▶ [Your goal]: Output the records exactly, and drop each picture.

▶ [Records for the exercise]:
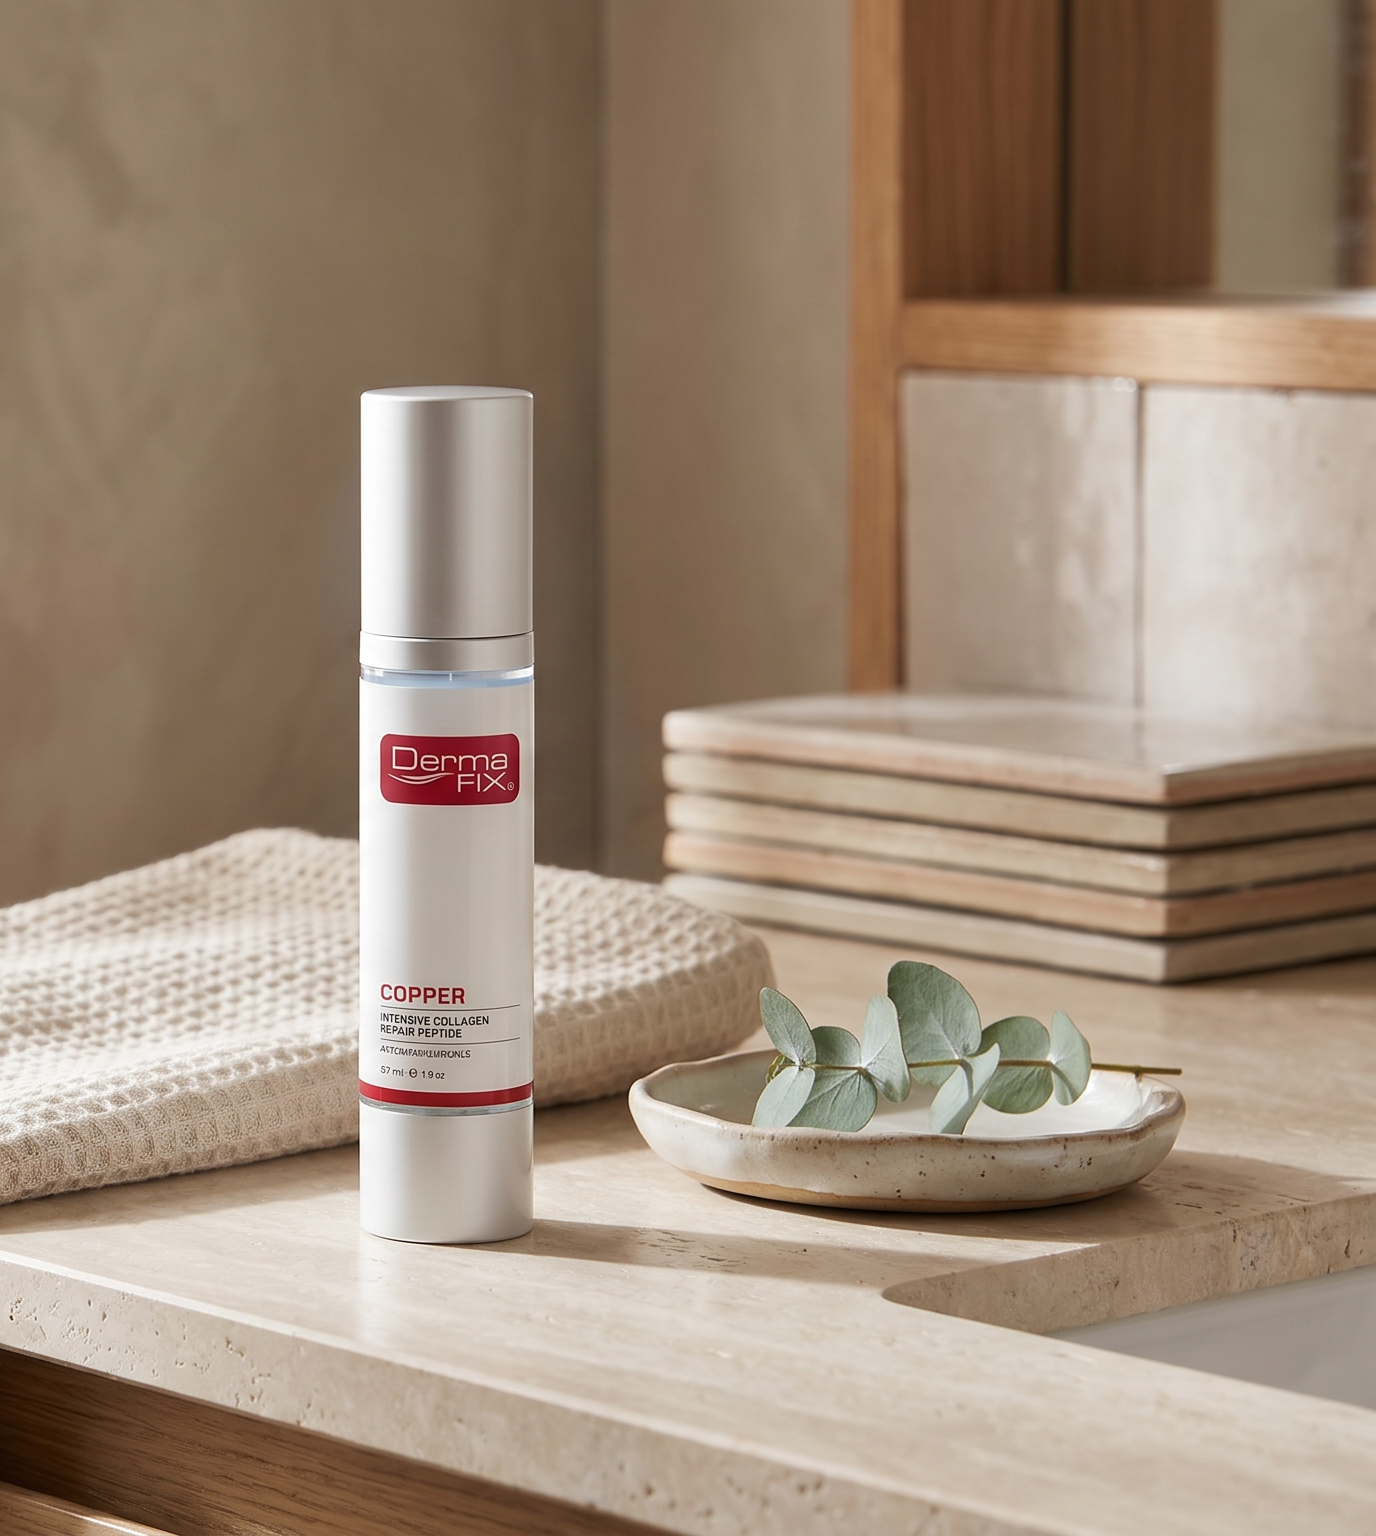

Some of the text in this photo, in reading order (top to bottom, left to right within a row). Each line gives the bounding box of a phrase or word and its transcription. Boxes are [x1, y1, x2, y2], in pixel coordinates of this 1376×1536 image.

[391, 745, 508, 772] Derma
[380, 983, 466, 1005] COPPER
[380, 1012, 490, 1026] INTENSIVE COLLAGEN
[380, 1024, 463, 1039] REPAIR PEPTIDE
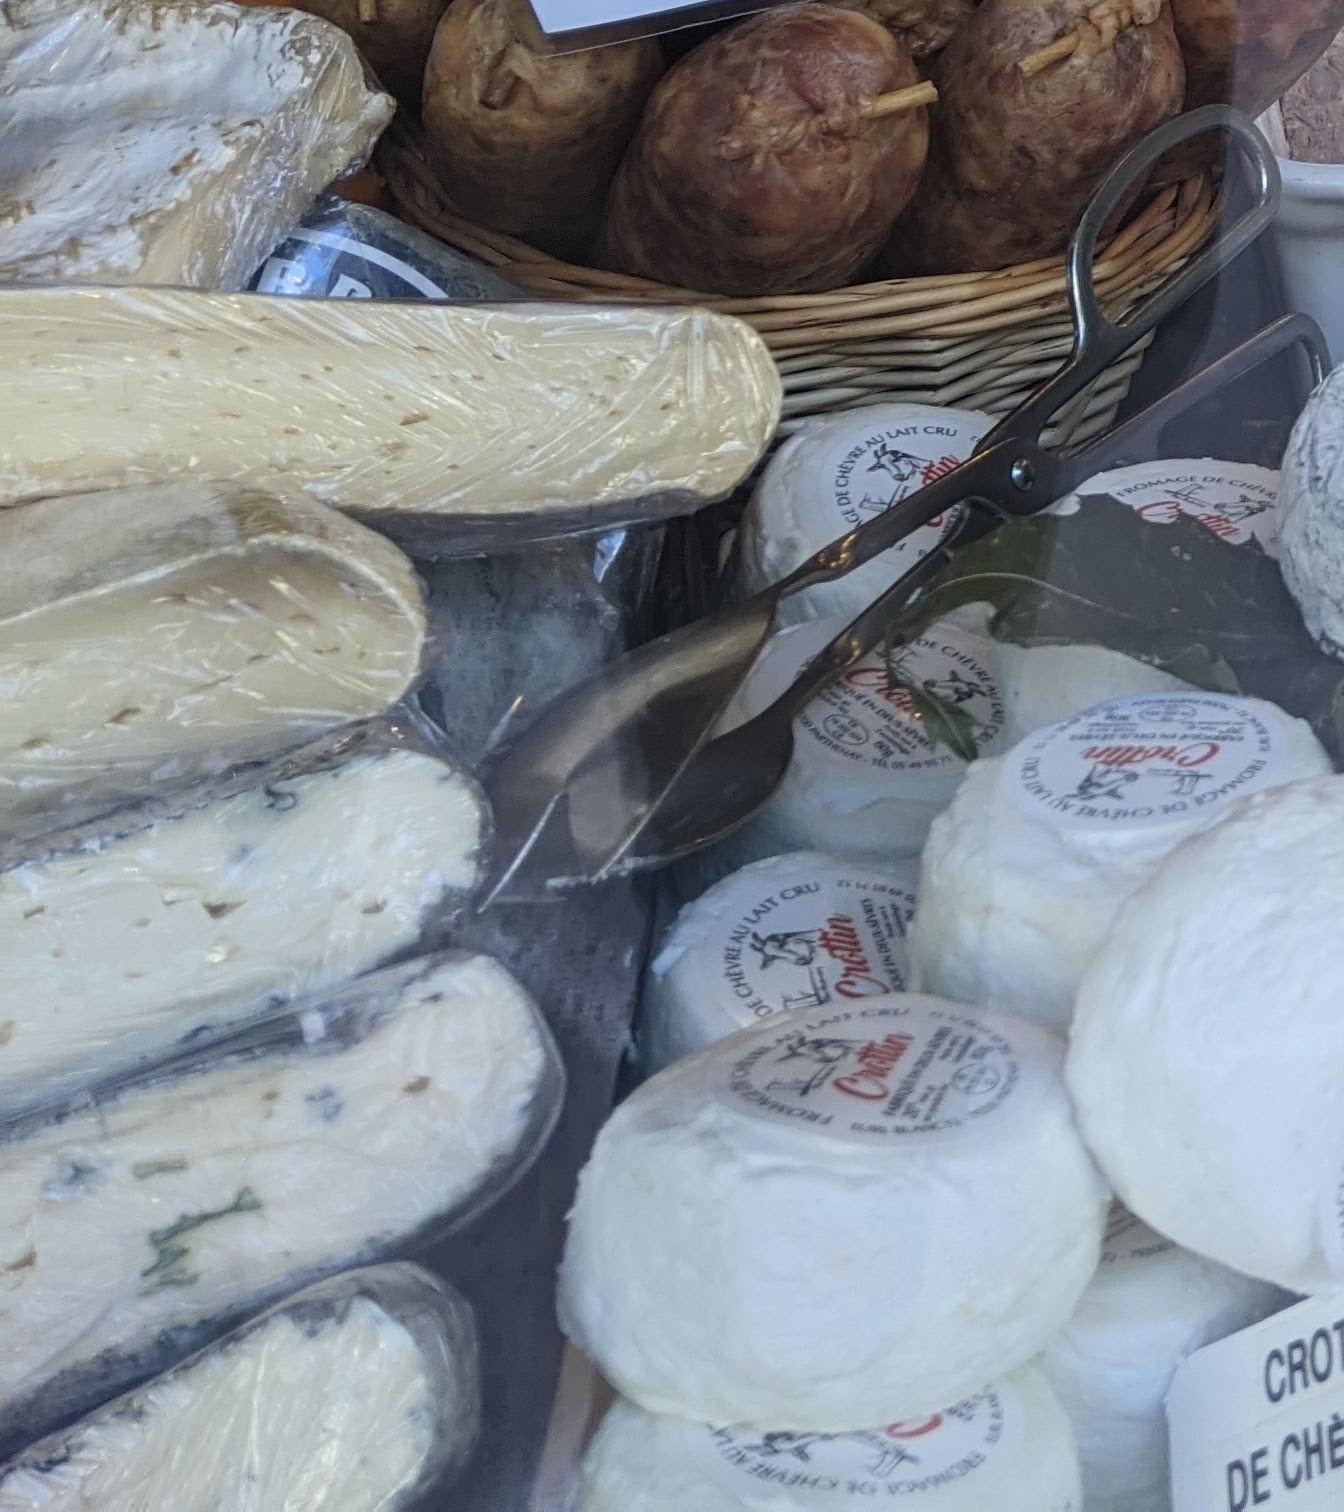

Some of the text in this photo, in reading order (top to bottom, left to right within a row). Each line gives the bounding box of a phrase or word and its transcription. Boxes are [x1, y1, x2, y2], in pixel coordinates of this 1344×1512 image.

▶ [Solution to this task]:
Some of the text in this photo, in reading order (top to bottom, left to right within a row). Each line gives the bounding box of a phrase or word and its transcription. Boxes are [x1, y1, x2, y2], in pixel coordinates of this 1376×1536 image.

[391, 745, 508, 772] Derma
[380, 983, 466, 1005] COPPER
[380, 1012, 490, 1026] INTENSIVE COLLAGEN
[380, 1024, 463, 1039] REPAIR PEPTIDE

Some of the text in this photo, in reading order (top to bottom, left to right within a row). Each line gives the bounding box of a phrase or word and its transcription. Boxes are [x1, y1, x2, y2], in pixel coordinates of this 1344×1512 image.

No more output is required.